Dr. Carroll was right–at least about one thing. The hospitalization rate for <18-year-old-kids positive for Covid jumped to nearly 2%. Since we questioned the Press’ coverage of Dr. Carroll’s Rotary presentation, an additional 934 juveniles confirmed or suspected positive for SARS-CoV2 resulted in 18 hospitalizations among the same demographic. No reports of deaths or PICU transfers of these SARS-CoV2 patients have emerged. The increase of the average 1.1% hospitalization rate is attributed to the Delta variant.
As hospitalization rates of children increased the only local school with a mask mandate, Coeur d’Alene Charter Academy, dropped the masking requirement October 18, about four weeks after their board member condemned the Press and Dr. Carroll for “[fanning flames of panic].” The charter school reports 20 cases so far this year among its population of 670 individuals. Coeur d’Alene public schools observed a 27% drop in total overall Covid cases over the last four weeks (10/11-11/7, chart 1) despite not requiring masks during the back-to-school Covid surge (chart 2). Masks work (chart 4). So, how do we explain this drop in cases? And, how does a community decide an acceptable risk and mitigation? Is this outcome acceptable? Would masking in schools have prevented eighteen children from hospitalization and hundreds of others from infection? Whether this outcome is satisfactory or not without masks, what about a vaccine mandate?
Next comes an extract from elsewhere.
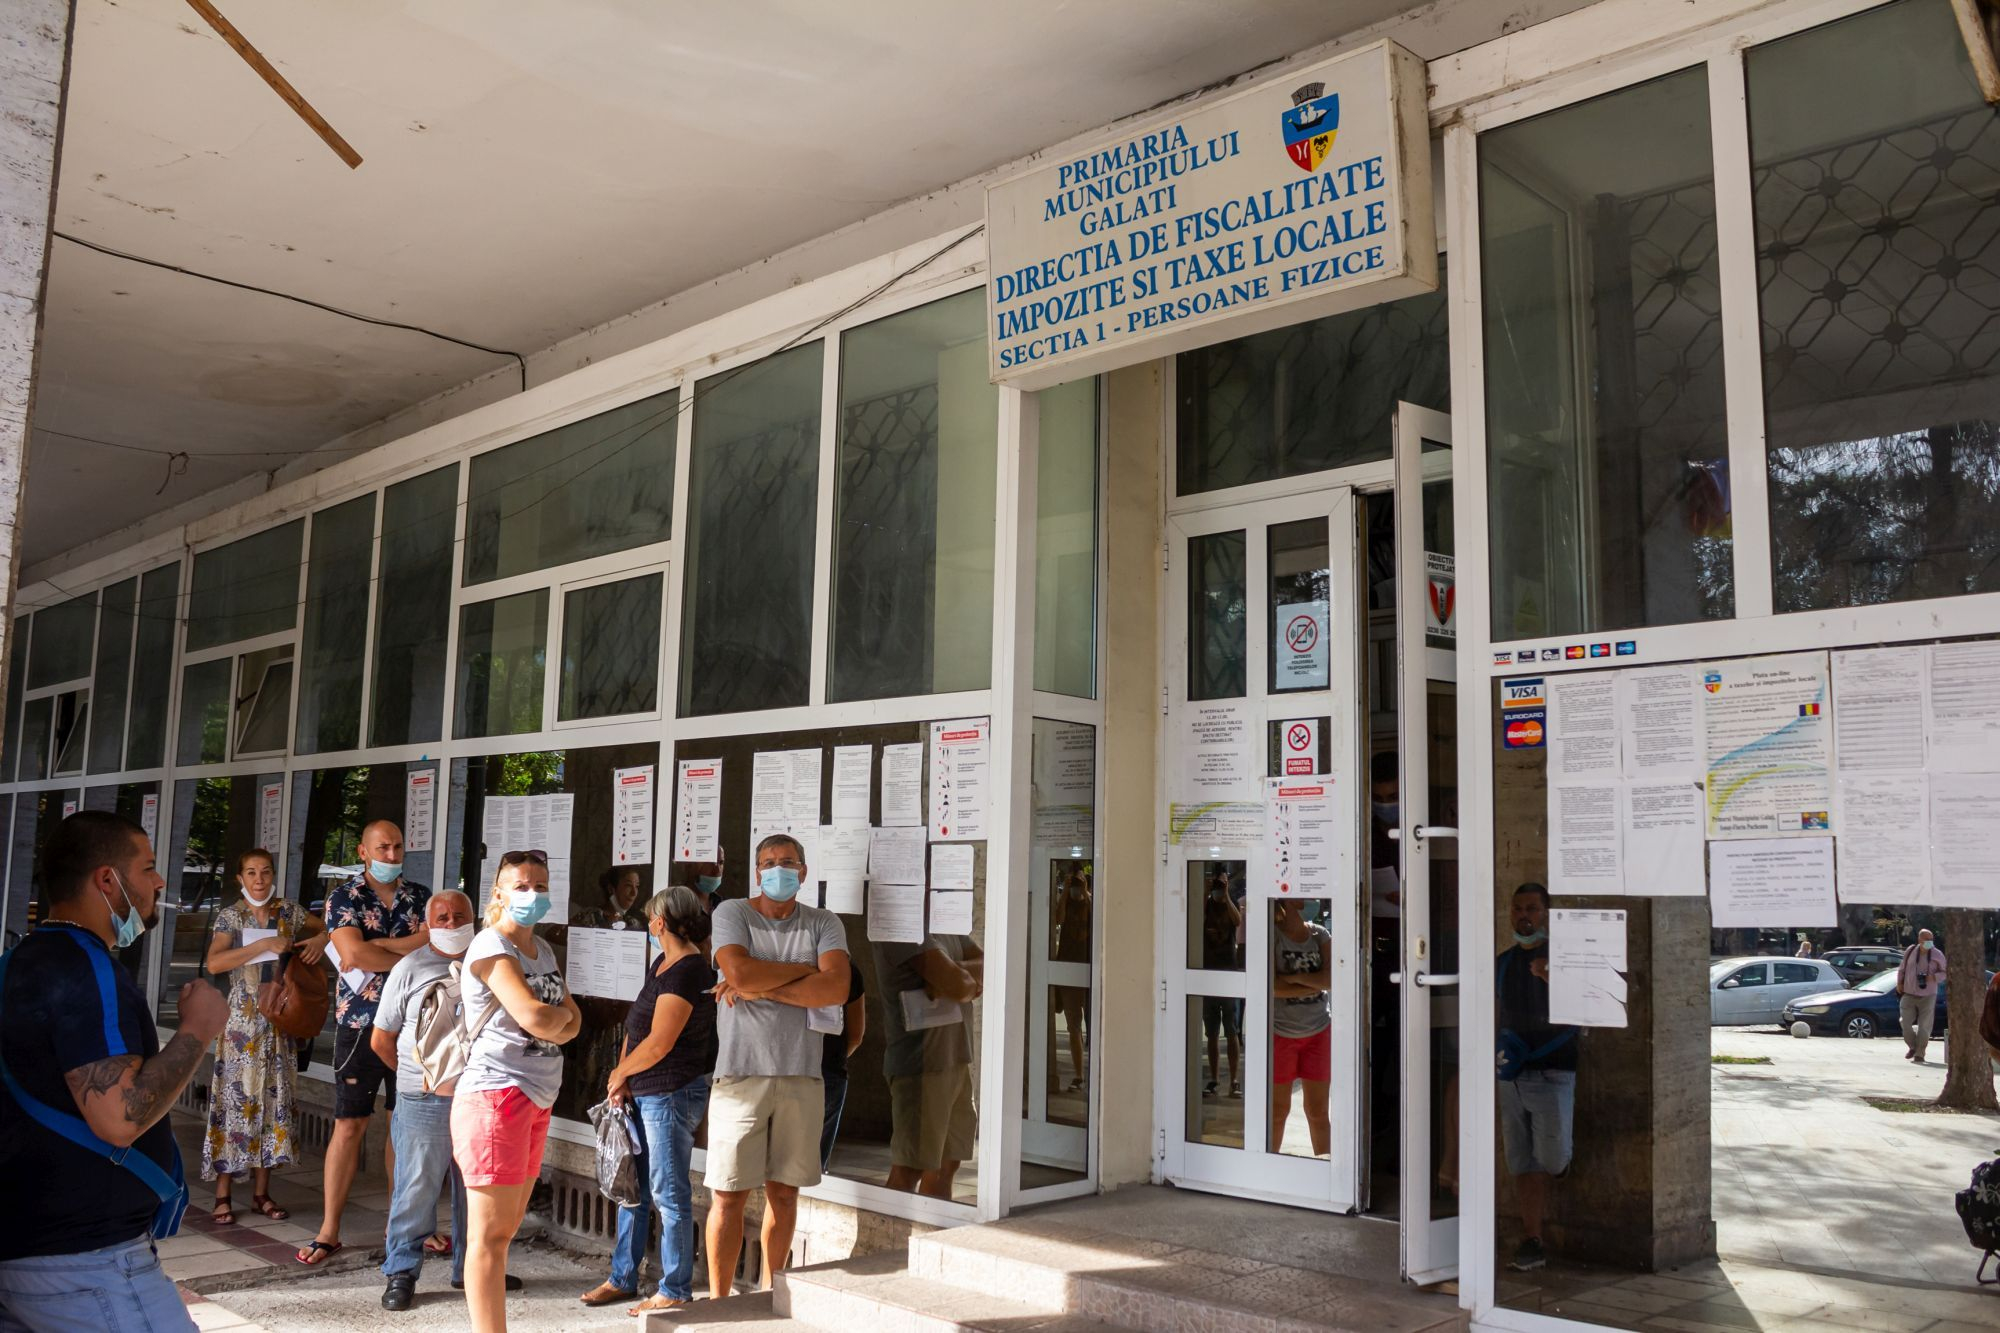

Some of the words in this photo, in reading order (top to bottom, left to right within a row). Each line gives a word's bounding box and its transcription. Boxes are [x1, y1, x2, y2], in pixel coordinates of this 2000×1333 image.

With the recent approval of Pfizer vaccine for children ages 5-11 the new school board will undoubtedly be deluged with demands for vaccine requirements from concerned parents. Natural immunity and vaccine-induced immunity rates in the community should be considered along with novel therapeutics. Recently two new therapeutics emerged reporting an 89% reduction in hospitalization and death. Considering the community vaccine uptake–or lack thereof–should school boards or municipalities consider a vaccine mandate for kids or avoid a mandate and accept the risks of additional infections and hospitalizations? The Idaho Department of Health and Welfare reports nearly 5,000 PHD children <18, less than one in three, have had at least one dose of the vaccine. Unfortunately the dashboard fails to allow further distinction of the data by county. One estimate for Kootenai County based on proportional vaccination uptake is 3,517 (based on Kootenai County comprising 71.3% of the PHD population). At least 3,431 Kootenai County kids have already had covid indicative of 3,517-8,000+ kids with some level of immunity. Judging by the overall vaccine uptake rate in the Panhandle health district a vaccine mandate will not be well received and yield poor compliance.